I swallowed thickly, trying to keep my tears at bay so they wouldn't impede my speech. It did little good. "We…We can't win…by simply opposing him, Kyo," I began to say as a flicker of an idea passed through my mind. I thought back to Hatori and Kana, to Hiro and Kisa, to Haru and Rin… "He's n-not just going to hurt us, he's going to try and tear us apart. He finds satisfaction in…in desecrating love."

"I won't let him do that… I'll kill him if I have to—"

"You know you won't be able to do that. Kyo…" I looked up at him and placed one hand over his heart and the other over my own. "Kyo, when people fall in love, there's this…thread…that grows between them and ties them together." I drew the invisible strings from our hearts, seeing his eyes look down between us, and tied a knot in the air. The glimmer of a smile danced across my lips. "Your pain becomes the pain of the one you love, your happiness becomes their happiness. That's why making love is so satisfying, because you know that the one you love is experiencing the most amazing natural high known to man because of you. And that's also why…you would do anything to save the one you love from being in pain, even if it means giving your own life, or even separating yourself from that person. That's what Akito does. He causes us pain, knowing that what hurts one of us will hurt the other threefold. And he knows that we'd do whatever we could to stop the pain. That's how he tears love apart. He hurt Hatori, and told Kana that it was her fault, and she almost lost her mind, drowning in grief. He hurt Kisa, and Hiro immediately distanced himself from her, just to keep her from being abused again. Even though it meant his own suffering, he did it for her."

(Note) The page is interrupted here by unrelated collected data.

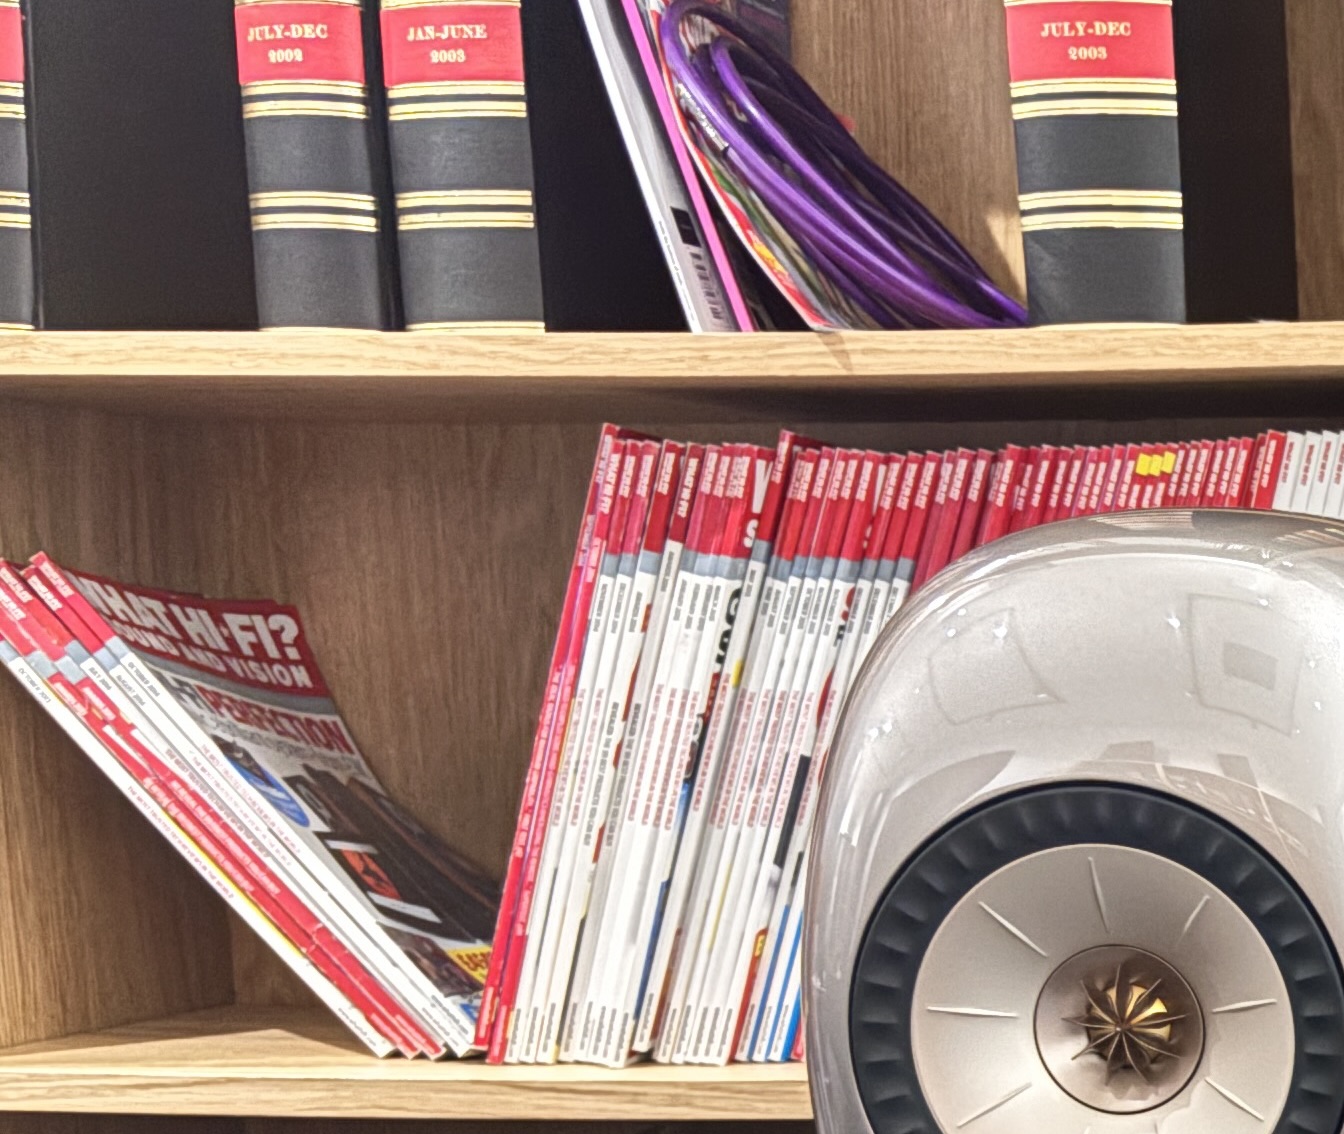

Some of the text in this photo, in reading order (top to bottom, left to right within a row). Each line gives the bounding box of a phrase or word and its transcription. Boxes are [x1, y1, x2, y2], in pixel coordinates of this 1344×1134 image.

[247, 24, 328, 42] JULY-DEC
[407, 24, 487, 42] JAN-JUNE
[1040, 21, 1131, 38] JULY-DEC
[268, 48, 303, 63] 2002
[1068, 46, 1107, 61] 2003
[224, 655, 314, 689] VISION
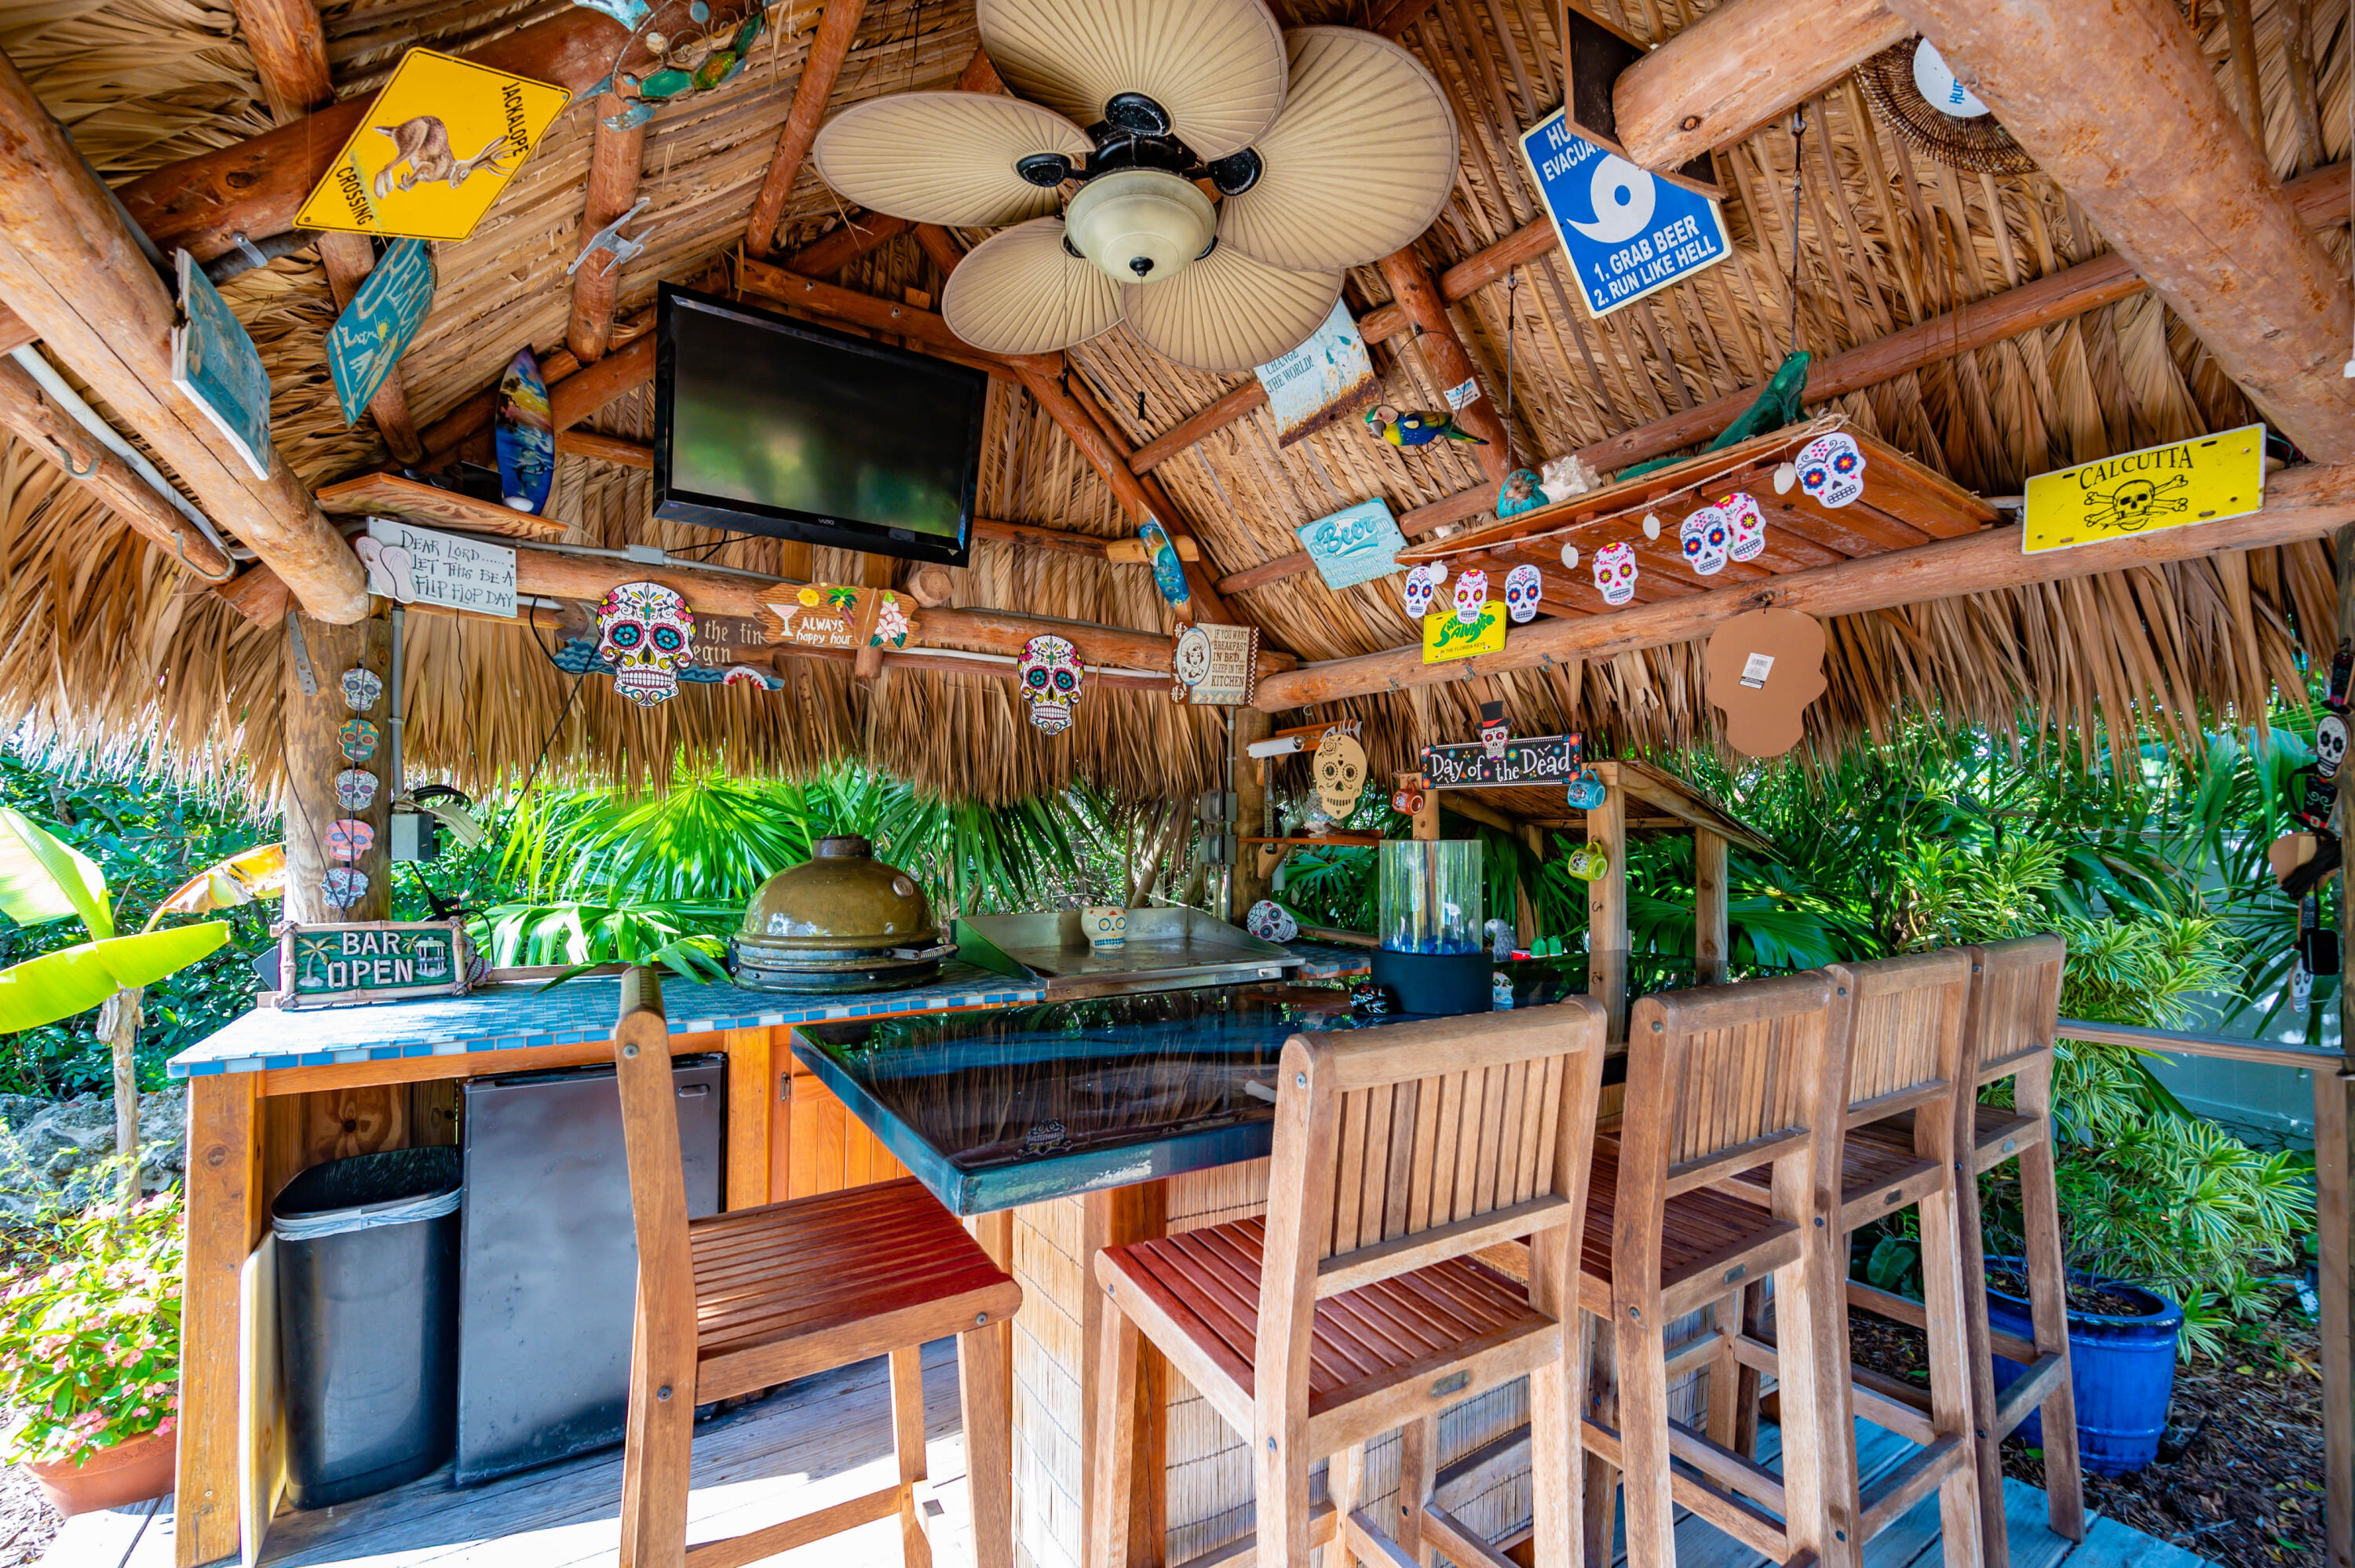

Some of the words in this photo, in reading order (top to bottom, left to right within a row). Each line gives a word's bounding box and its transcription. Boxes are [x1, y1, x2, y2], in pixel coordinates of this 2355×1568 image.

[502, 82, 529, 158] JACKALOPE
[1546, 119, 1572, 151] HU
[1542, 140, 1600, 181] EVACUA
[336, 166, 374, 226] CROSSING
[1594, 262, 1610, 283] 1.
[1609, 239, 1653, 275] GRAB
[1652, 215, 1700, 253] BEER
[1594, 289, 1608, 307] 2.
[1608, 272, 1640, 300] RUN
[1639, 253, 1675, 285] LIKE
[1674, 235, 1717, 268] HELL
[1265, 374, 1285, 392] THE
[1282, 354, 1314, 382] WORLD!
[2079, 444, 2193, 490] CALCUTTA
[401, 530, 440, 556] DEAR
[1316, 516, 1376, 553] Beer
[412, 554, 439, 574] LET
[443, 563, 473, 580] THIS
[415, 575, 447, 599] FLIP
[452, 583, 483, 604] FLOP
[486, 590, 514, 607] DAY
[705, 620, 728, 644] the
[796, 629, 825, 645] happy
[830, 632, 853, 645] hour
[801, 617, 844, 633] ALWAYS
[1214, 629, 1220, 639] IF
[1221, 629, 1232, 640] YOU
[1232, 630, 1247, 640] WANT
[693, 645, 731, 665] egin
[1213, 652, 1222, 662] IN
[1214, 640, 1247, 651] BREAKFAST
[1211, 675, 1245, 687] KITCHEN
[1212, 663, 1227, 673] SLEEP
[1228, 664, 1235, 673] IN
[1236, 665, 1245, 674] THE
[1430, 753, 1463, 782] Day
[1468, 755, 1485, 780] of
[1495, 760, 1520, 782] the
[1520, 742, 1571, 775] Dead
[342, 932, 401, 956] BAR
[327, 959, 414, 989] OPEN

"So, what are we going to do?" he asked. "How… How are we supposed to stop him?"

"Kyo… think about it. Our greatest strength is our love for each other, but it's also our greatest weakness. Akito exploits the weakness. We can't let him do that, and the way we don't let him do that is by not giving him anything to exploit in the first place."

"What are you…?"

"We have to pretend that we're not in love," I told him.

"Wh-What…?"

"We have to…pretend that we're not in love," I repeated, slower, quieter. "We have to go in there and act completely indifferent to each other. If he… If he hurts me, you can't do anything. You have to sit by and pretend that it doesn't bother you."

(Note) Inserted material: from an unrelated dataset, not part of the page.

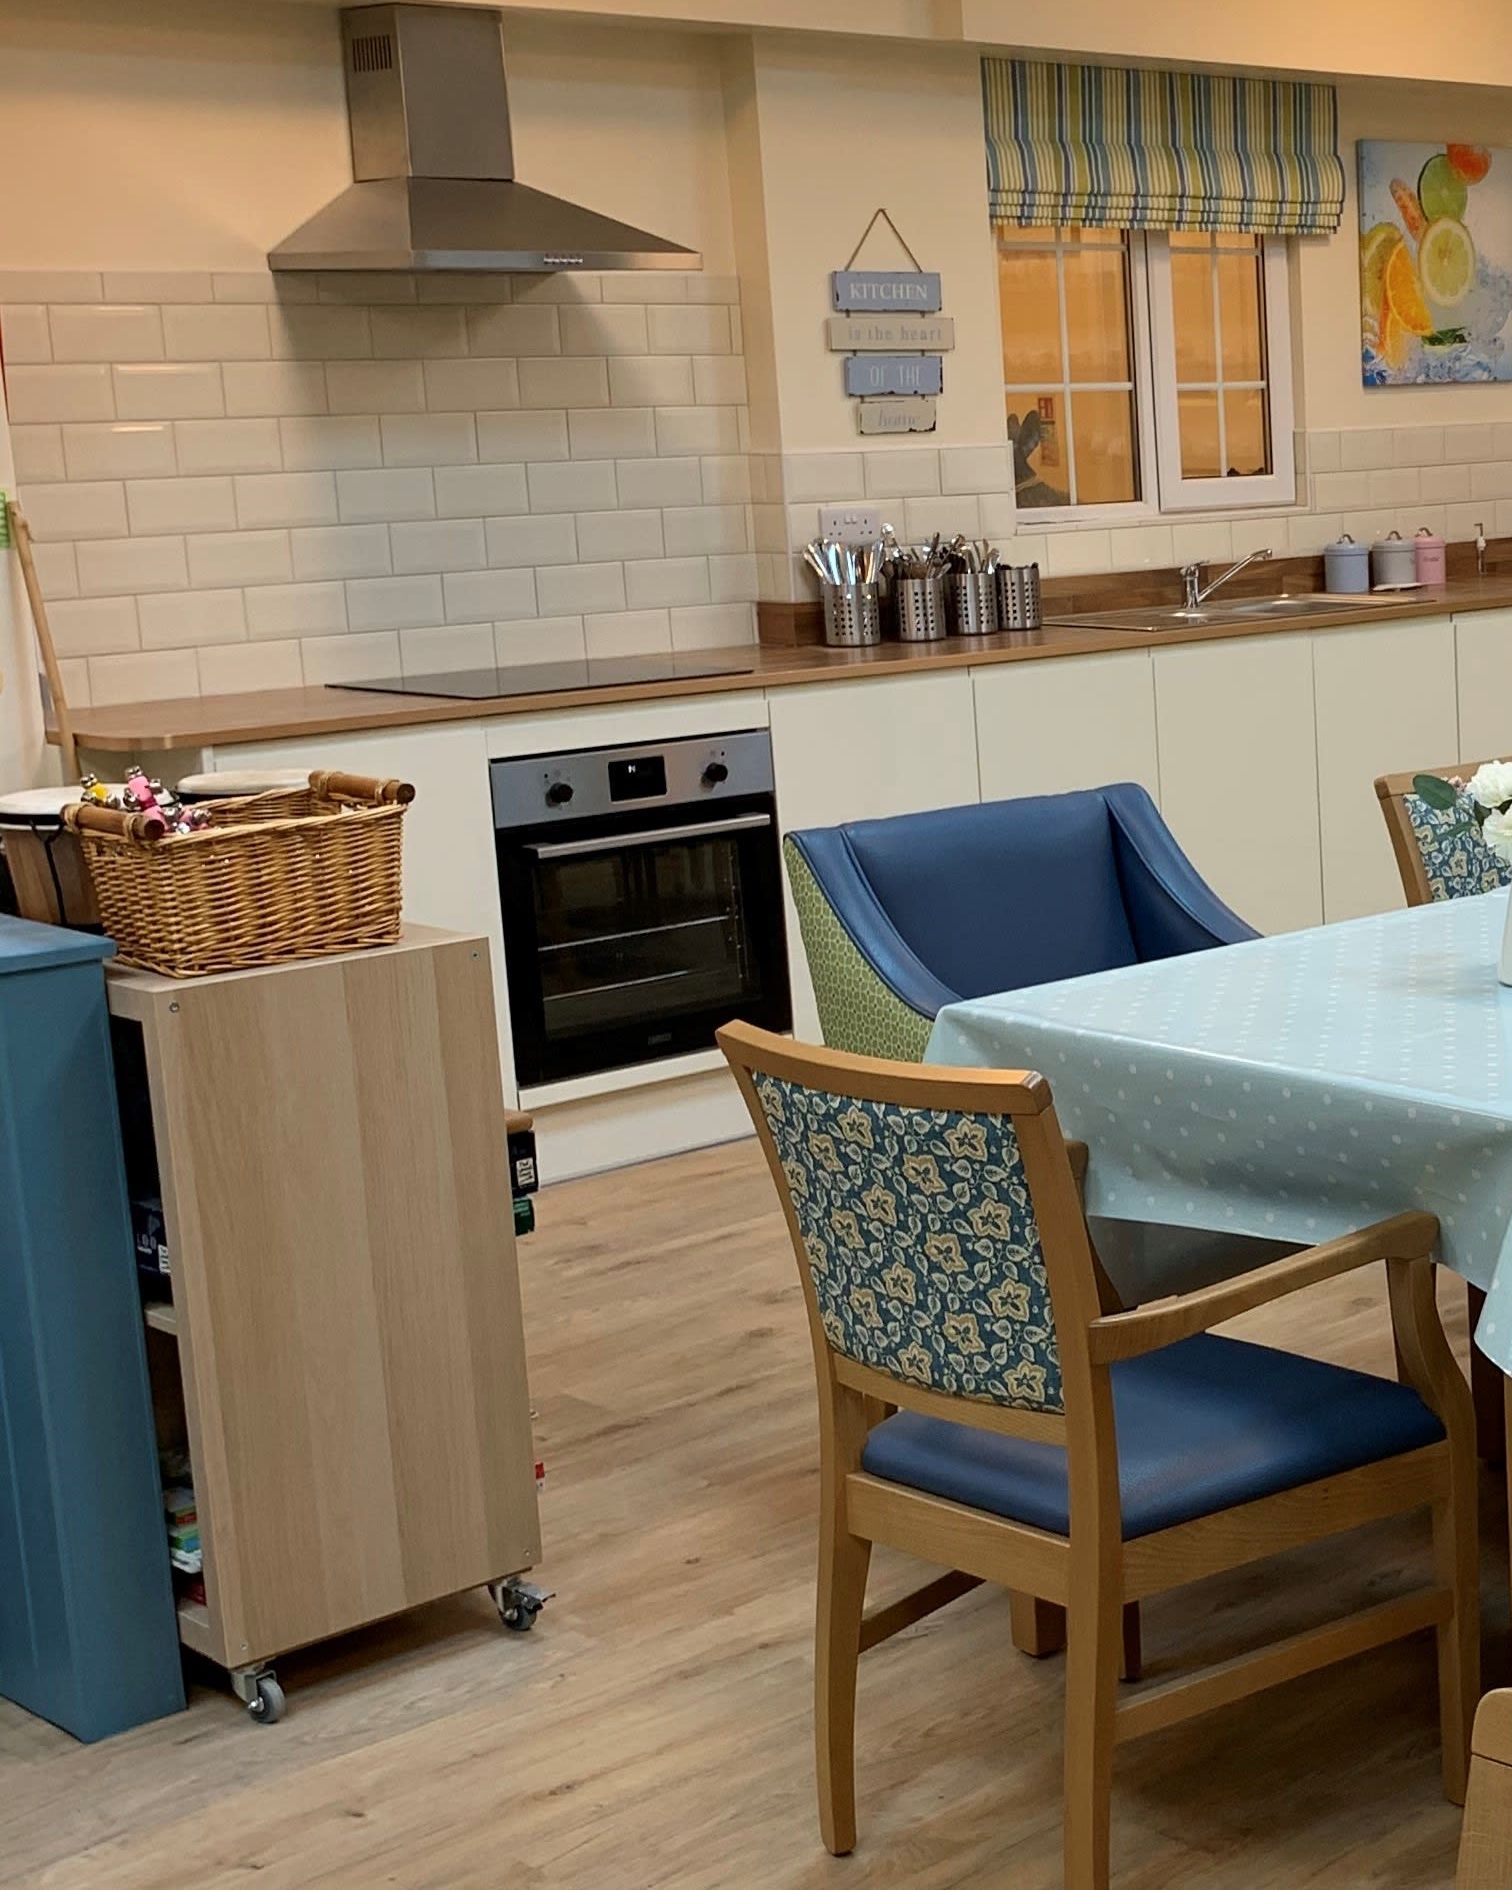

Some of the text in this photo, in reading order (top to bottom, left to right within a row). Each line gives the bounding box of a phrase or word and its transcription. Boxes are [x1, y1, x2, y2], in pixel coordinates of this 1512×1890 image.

[849, 283, 929, 300] KITCHEN
[867, 326, 893, 340] the
[900, 325, 942, 341] heart

"I… I can't do that!" he gasped. "I promised myself that…I would never let you get hurt." His tears began to flow with a renewed force. "I-I…won't just 'sit by' and l-let him…ab-abuse you…"

"Kyo!" I took the sides of his face in my hands and put on a demanding expression. "Kyo, you have to. If we don't do this, then he's just going to succeed in destroying yet another love. And then we'll have really lost to him…again. And we'll have lost each other. Kyo, if he hurts me, no matter what he does, you can't say anything. You can't show any emotion. You can't do anything, except sit by and wait for it to end. And if he hurts you, I'll have to do the same. Do you understand? This is the only way. He takes the greatest satisfaction in breaking lovers apart, because he knows that anyone can endure physical pain, but when you attack the heart, that's when it hurts the most. If we don't give him that satisfaction, we'll have finally beaten him."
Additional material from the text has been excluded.